I recently realized that Cloud Run on GCP started supporting WebSockets, so I wrote up an article to share how I was able to deploy and successfully run a Bokeh app: https://yogesh.replnotes.com/posts/deploy-bokeh-cloud-run
I find Cloud Run to be a more affordable solution compared to setting up a dedicated virtual machine instance, especially if your app doesn’t get a lot of traffic. I hope this article helps anyone else who might be looking into options for deploying their apps!
1 Like
Thanks for sharing @yogeshkd . I am looking for better deployment. I am currently running awesome-Panel.org on azure web services for containers. I am running it on a very low end dev server as anything else would be quite costly. Will take a look at this.
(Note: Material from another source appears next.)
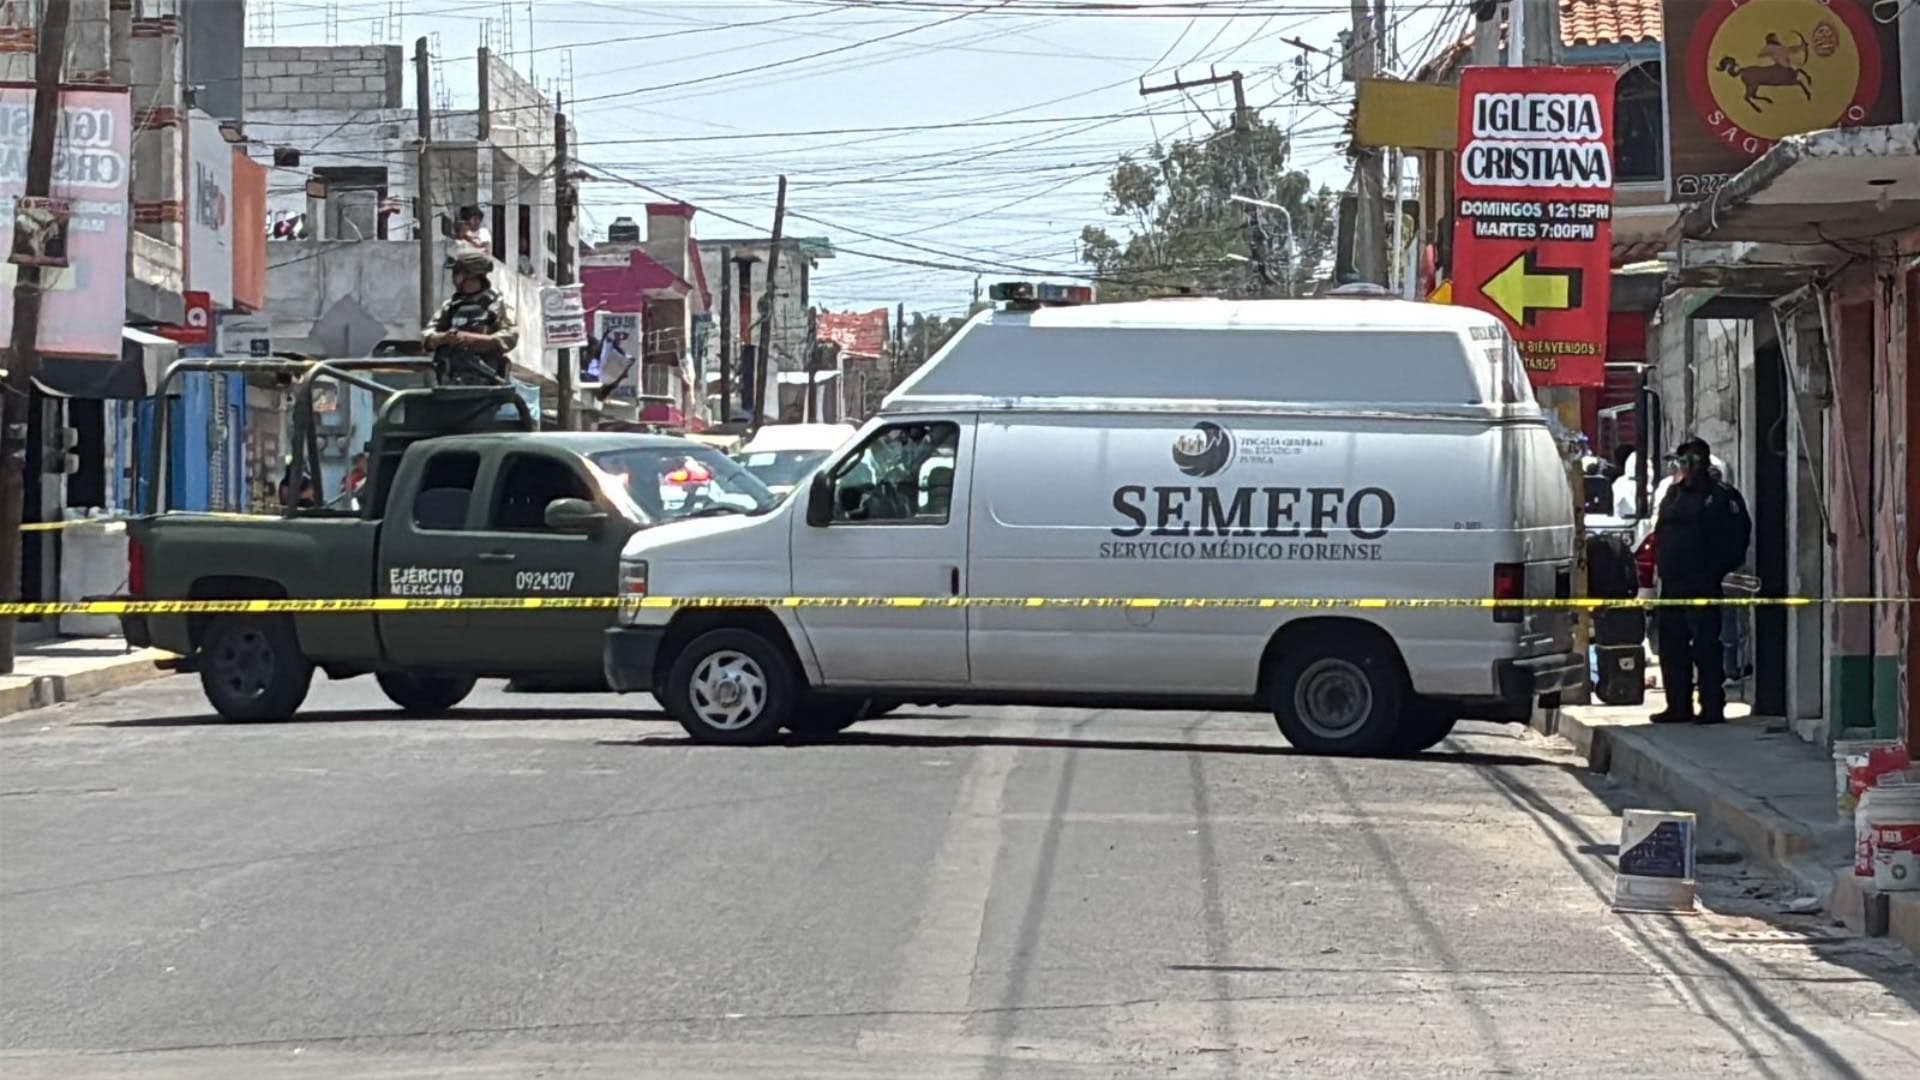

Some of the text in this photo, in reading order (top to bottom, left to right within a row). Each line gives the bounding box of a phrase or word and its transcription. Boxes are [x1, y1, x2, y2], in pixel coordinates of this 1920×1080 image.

Please let us know how this works longer term. Thanks.
Hi @yogeshkd
Something that would be interesting to add to the article would be how to configure a custom domain name.
Thank you for the suggestion, @MarcSkovMadsen. I was planning on embedding my application in another, so it never crossed my mind. I’ve added a section on configuring a custom domain to the same article: https://yogesh.replnotes.com/posts/deploy-bokeh-cloud-run
1 Like
Thanks @yogeshkd
How would Google Cloud Run compare for smaller use cases and larger use cases compared to Heroku on price and performance?
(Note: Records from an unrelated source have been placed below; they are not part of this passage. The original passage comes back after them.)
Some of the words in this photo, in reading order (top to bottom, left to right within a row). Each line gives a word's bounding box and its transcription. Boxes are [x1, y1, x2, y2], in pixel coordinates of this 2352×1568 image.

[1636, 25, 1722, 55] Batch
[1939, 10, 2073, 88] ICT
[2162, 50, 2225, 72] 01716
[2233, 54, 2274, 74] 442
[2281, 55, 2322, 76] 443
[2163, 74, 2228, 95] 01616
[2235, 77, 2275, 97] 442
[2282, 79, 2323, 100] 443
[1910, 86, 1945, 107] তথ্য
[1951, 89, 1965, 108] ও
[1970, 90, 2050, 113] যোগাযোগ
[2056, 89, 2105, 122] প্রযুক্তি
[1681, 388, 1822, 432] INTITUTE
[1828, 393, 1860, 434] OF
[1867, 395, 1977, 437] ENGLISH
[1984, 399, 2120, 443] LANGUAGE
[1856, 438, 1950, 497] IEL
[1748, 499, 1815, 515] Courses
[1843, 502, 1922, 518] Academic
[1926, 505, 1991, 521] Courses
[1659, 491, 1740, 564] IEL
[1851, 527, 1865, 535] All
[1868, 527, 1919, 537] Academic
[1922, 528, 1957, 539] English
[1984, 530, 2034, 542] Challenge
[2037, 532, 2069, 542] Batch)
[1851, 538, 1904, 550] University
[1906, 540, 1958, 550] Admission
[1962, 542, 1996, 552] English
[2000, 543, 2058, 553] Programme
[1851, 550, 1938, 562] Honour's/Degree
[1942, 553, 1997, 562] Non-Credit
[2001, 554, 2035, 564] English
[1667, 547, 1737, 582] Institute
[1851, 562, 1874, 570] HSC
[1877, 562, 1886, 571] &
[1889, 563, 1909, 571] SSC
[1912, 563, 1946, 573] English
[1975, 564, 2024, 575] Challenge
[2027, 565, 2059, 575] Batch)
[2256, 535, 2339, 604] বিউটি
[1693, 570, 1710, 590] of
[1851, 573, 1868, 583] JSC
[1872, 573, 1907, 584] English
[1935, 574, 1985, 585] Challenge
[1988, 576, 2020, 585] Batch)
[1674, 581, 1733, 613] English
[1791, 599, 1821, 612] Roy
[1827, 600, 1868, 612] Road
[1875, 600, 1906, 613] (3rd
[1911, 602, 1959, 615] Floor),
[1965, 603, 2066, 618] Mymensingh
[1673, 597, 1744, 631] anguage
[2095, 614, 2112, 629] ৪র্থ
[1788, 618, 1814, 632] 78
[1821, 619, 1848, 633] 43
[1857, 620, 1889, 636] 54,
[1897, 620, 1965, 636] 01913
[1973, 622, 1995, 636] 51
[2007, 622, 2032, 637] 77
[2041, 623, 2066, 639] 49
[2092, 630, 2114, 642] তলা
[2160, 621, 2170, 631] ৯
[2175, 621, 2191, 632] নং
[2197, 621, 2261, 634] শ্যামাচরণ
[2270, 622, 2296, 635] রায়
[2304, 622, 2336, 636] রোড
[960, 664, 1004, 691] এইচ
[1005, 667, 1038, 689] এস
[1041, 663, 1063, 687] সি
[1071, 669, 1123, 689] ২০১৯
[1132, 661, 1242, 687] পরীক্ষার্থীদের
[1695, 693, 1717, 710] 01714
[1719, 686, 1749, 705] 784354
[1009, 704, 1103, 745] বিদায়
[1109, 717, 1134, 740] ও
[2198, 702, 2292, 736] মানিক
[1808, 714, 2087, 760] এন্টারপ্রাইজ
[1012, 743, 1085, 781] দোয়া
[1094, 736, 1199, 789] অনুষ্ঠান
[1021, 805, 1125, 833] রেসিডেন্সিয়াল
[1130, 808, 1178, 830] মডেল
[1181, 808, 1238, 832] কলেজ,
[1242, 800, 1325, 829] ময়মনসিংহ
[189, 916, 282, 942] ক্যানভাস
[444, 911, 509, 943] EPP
I don’t know how to quantify large and small but to me it looks like Google Cloud Run is very interesting for smaller demonstration use cases which could expect faster start up times, better performance and still something close to free. Is that correct?
Would it be possible to simplify and refactor the commands into a script that deploys in a few simple steps. I’m thinking the Bokeh/ Panel community does not have a ~3 step process for deploying into something (close to) free similar to what the Streamlit community has. Maybe this could be turned into such a thing?
I think your article is very interesting for the Panel community as well. So I’ve shared it at Deployment on Google Cloud Run - Showcase - HoloViz Discourse
Thanks for sharing the article with the Holoviz community. I didn’t know it existed!
I’ll caveat my response by noting that I have less than one year of experience and that my applications have never had large traffic. For use cases that do not have steady traffic, Cloud Run is far cheaper with a generous free tier compared to something like a Heroku Dyno. I haven’t yet crossed the free tier in my usage. The downside with using Cloud Run is that there is a little bit of latency (1-2 seconds, in my experience) for the first request after the application is scaled down to zero instances. You can set the minimum number of instances to 1 but that negates the pricing advantage. The upside is that depending on your average container uptime, you can generally go for much higher vCPUs and memory to improve performance as billing happens based on vCPU-seconds (CPU) and GiB-seconds (memory). For a large use case, if you expect the container instances to rarely go down to zero, it’s considerably cheaper to have a dedicated VM on GCP or Heroku, especially assuming that a data science-related application will require significant RAM/CPU. GCP has a very useful calculator, if you are curious to run some numbers through it: Google Cloud Pricing Calculator
When I started researching for this article, I intended to hopefully get to a few commands to easily deploy an application so I am definitely interested in taking a stab at that soon. I should note that once the initial GCP project setup is complete, the subsequent deployment is only one command: gcloud builds submit
. I foresee a few challenges when trying to automate the initial setup. I haven’t yet found a way to set the required project permissions from a script. That’s why the first couple of steps rely on going to the GCP console. Not entirely sure if that was by design since those permissions have implications on billing. I’ll update here when I have something more streamlined!